Race relations in Australia have at least since European colonization of the continent been controversial. That this should be so is troubling and ethically problematic, but it should hardly come as a surprise, for tensions and even violence among different racial and ethnic groups are the norm rather than the exception in human society. This paper examines the issue of race relations within a larger context, looking at some of the more important historical and epistemological issues that have shaped the perceptions of race relations, especially those existing between indigenous peoples and the colonizers of what were once solely their lands.

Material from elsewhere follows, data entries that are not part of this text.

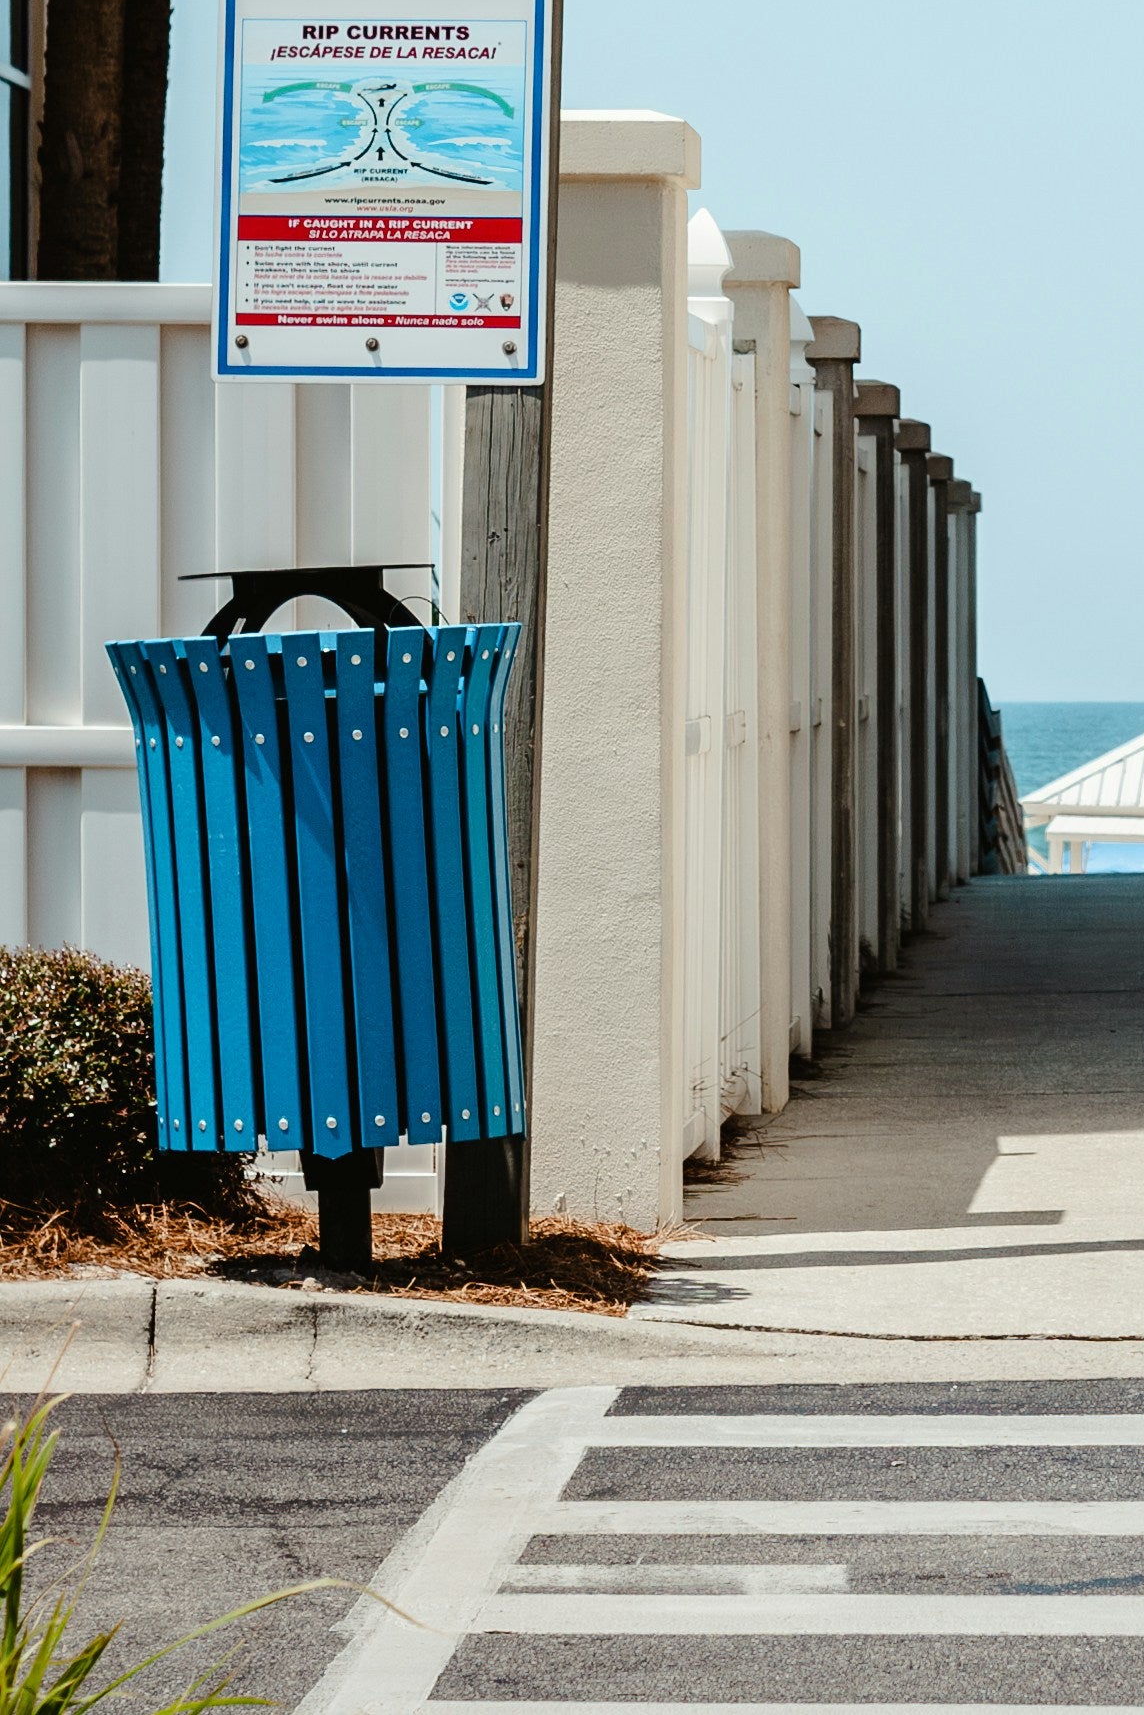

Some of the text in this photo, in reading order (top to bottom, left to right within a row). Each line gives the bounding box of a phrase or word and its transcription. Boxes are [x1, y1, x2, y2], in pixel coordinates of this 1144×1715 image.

[302, 25, 469, 40] RIP CURRENTS
[270, 43, 496, 61] ¡ESCÁPESE DE LA RESACA!
[324, 197, 445, 206] www.ripcurrents.noaa.gov
[288, 218, 473, 230] IF CAUGHT IN A RIP CURRENT
[308, 229, 450, 242] SI LO ATRAPA LA RESACA
[277, 314, 313, 326] Never
[315, 315, 348, 327] swim
[350, 315, 384, 327] alone
[395, 315, 429, 327] Nunca
[431, 315, 458, 327] nade
[460, 316, 484, 327] solo

Any discussion of the politics of race must begin with the concept of race itself. Race is generally conceptualized as a biological category, a genetic distinction. Race is in commonsensical ways of thinking and speaking conceptualized as something that is real or true in an objective sense, in the same way that it is true that humans require oxygen to survive or that carbon monoxide can be lethal because of the greater affinity of hemoglobin for this gas than for oxygen. In some sense this is true, for certainly there are physical distinctions amongst different people and different populations that are grouped together to form racial categories and these physical distinctions are based in genetic and chromosomal variations. It is undeniably true, for example, that some people have darker skin than others. This is a biological fact, encoded in the twists of DNA that compose the individuality of each human being.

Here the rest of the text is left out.